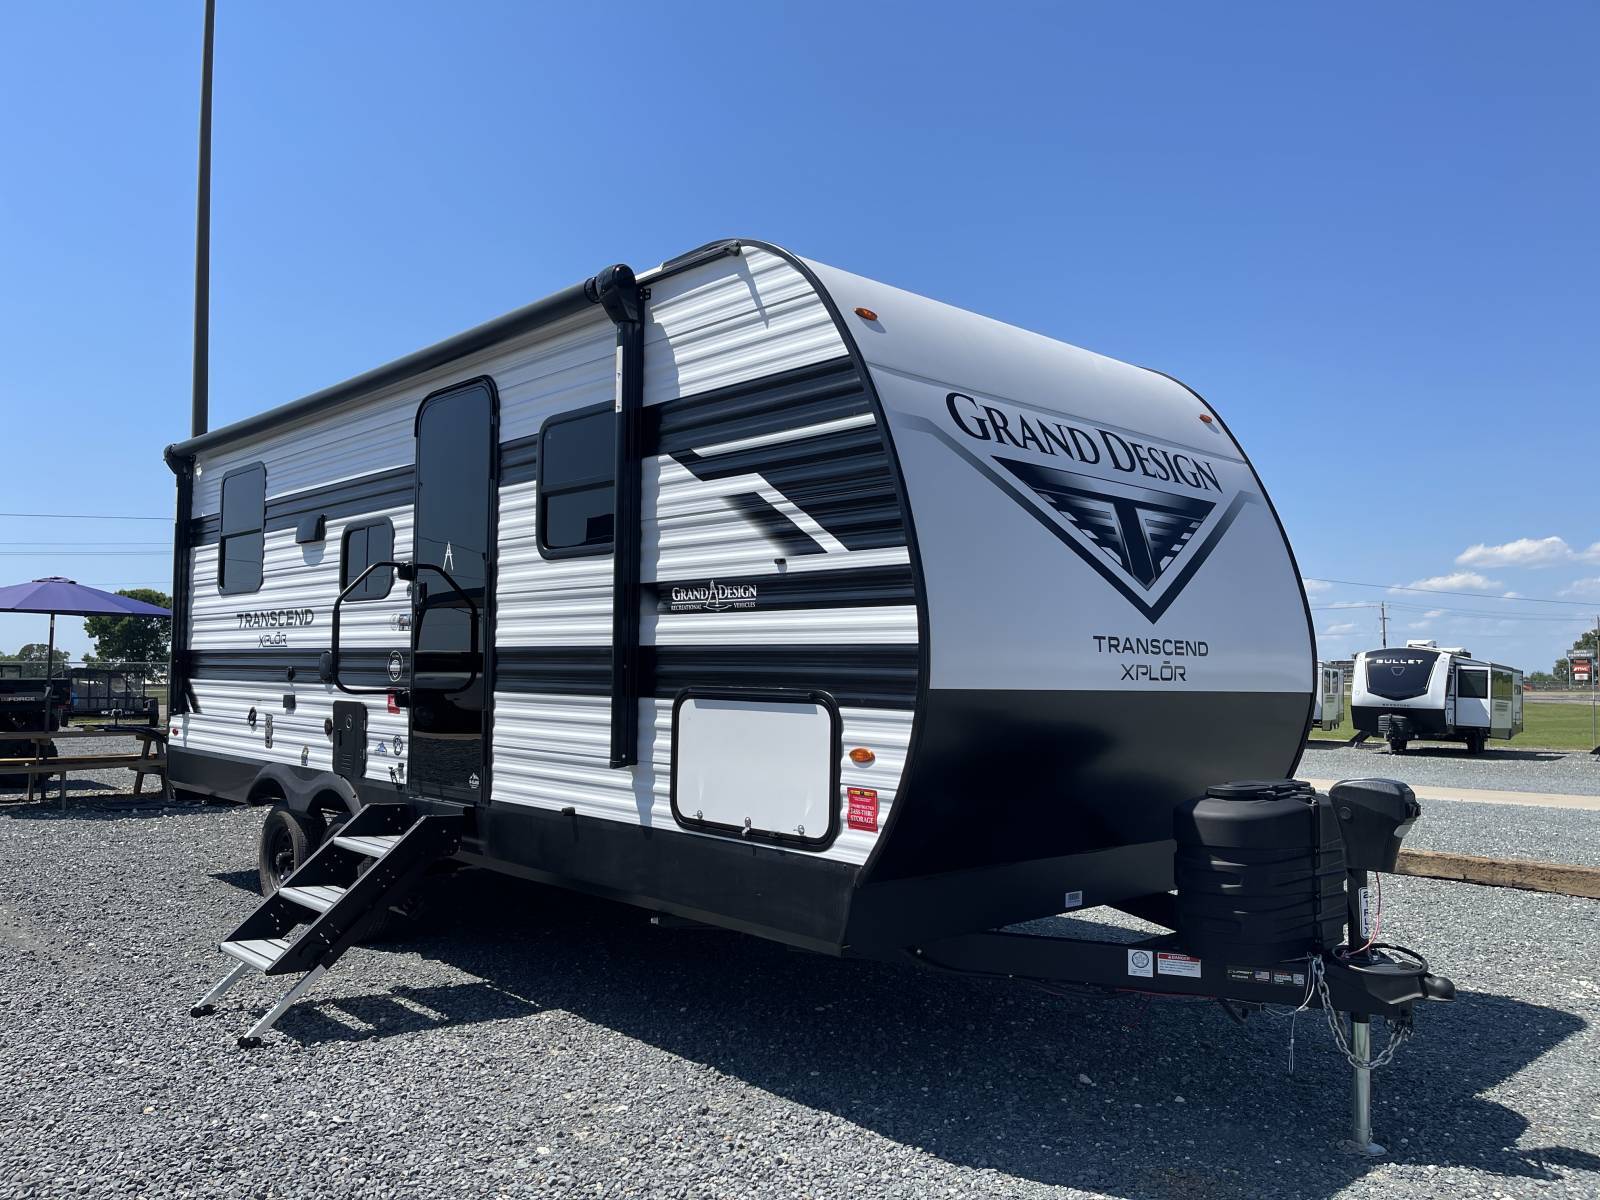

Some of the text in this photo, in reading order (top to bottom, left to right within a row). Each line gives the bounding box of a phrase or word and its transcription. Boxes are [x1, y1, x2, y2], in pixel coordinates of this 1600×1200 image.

[946, 392, 1223, 494] GRAND DESIGN
[671, 584, 757, 601] GRAND DESIGN
[236, 608, 315, 629] TRANSCEND
[1092, 635, 1209, 657] TRANSCEND
[850, 815, 875, 824] STORAGE

=====

(Required work): Output each record above word for word, leaving out images.

(Task answer):
Some of the text in this photo, in reading order (top to bottom, left to right within a row). Each line gives the bounding box of a phrase or word and its transcription. Boxes are [x1, y1, x2, y2], in pixel coordinates of this 1600×1200 image.

[946, 392, 1223, 494] GRAND DESIGN
[671, 584, 757, 601] GRAND DESIGN
[236, 608, 315, 629] TRANSCEND
[1092, 635, 1209, 657] TRANSCEND
[850, 815, 875, 824] STORAGE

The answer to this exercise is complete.